Brazilian Paralympic athlete

Claudiney Batista dos Santos (born 13 November 1978) is a Brazilian Paralympian athlete competing in category F57/T57 throwing events. He won a silver medal in the javelin throw at the 2012 Paralympics and a gold medal in the discus throw at the 2016 Rio Games.

==Career history==
Batista was born able bodied, but after a road accident in May 2005 part of his left leg needed to be amputated. While in hospital he was visited by para-athletic organisations offering sport as a way to help in his recovery. He refused to accept their invitation for over two years, before changing his mind. In 2011 he was part of the Brazilian team which entered into the 2011 Parapan American Games. He entered the javelin and discus, both in the joint F57/58 class, winning the javelin and coming third in the discus. He followed this by being selected for the 2012 Summer Paralympics in London, entering all three throwing events in the F57/58 class. In the discus, he threw a distance of 45.90m, which did not convert to enough points to see him onto the podium, finishing instead at fourth place. In the shot put he finished seventh. His strongest event, the javelin, saw him record a distance of 45.38m, a new world record, only to see his rival, Iran's Mohammad Khalvandi, also throw a world record as a F58 athlete to snatch the gold from Batista dos Santos by 20 points.

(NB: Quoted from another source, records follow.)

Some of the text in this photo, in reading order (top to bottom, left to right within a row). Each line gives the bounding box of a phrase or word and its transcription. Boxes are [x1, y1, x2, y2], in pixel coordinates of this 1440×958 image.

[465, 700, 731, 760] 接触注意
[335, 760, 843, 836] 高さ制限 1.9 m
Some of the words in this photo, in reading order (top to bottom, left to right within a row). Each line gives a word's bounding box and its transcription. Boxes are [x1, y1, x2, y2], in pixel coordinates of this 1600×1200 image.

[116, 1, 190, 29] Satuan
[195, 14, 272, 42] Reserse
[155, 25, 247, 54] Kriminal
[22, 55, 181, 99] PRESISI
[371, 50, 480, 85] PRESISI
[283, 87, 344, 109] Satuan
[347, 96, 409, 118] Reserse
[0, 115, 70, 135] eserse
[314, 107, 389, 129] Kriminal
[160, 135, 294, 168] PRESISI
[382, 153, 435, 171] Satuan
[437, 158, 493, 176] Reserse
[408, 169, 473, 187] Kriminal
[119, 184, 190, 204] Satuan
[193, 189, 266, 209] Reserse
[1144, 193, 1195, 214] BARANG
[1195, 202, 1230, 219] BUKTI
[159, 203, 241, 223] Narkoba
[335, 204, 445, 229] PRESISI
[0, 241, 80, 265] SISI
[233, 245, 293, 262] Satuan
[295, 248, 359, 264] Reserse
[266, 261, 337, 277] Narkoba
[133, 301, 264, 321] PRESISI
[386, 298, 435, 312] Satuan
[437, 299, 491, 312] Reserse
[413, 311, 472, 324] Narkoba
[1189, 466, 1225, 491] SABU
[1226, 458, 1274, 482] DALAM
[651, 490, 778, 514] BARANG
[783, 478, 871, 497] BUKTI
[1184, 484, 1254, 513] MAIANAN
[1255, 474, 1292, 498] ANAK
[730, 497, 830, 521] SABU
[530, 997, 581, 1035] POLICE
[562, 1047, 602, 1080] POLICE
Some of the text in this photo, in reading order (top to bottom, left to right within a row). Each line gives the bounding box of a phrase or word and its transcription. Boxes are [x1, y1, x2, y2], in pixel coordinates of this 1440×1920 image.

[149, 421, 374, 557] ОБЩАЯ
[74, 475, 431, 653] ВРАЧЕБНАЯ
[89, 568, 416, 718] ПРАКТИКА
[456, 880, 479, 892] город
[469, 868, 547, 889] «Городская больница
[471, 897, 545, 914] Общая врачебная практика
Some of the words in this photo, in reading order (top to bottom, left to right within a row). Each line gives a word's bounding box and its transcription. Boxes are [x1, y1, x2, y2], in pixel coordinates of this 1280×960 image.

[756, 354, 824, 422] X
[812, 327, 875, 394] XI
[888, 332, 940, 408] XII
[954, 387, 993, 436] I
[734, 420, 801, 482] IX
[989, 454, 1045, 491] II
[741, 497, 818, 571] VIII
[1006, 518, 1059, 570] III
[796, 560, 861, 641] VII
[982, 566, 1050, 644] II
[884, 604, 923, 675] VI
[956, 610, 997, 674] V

At the 2013 IPC Athletics World Championships in Lyon, France, Batista dos Santos was again on the podium. He came third in the discus, taking bronze, and second in the javelin beaten again by Mohammad Khalvandi.

He was one of the 54 paralympians cleared to compete at the Tokyo Olympics postponed to 2021. Other athletes included Rayane Soares (T13, low vision), Beth Gomes (F52), Jerusa Geber dos Santos (T11), Cícero Nobre (F57) and Thiago Paulino.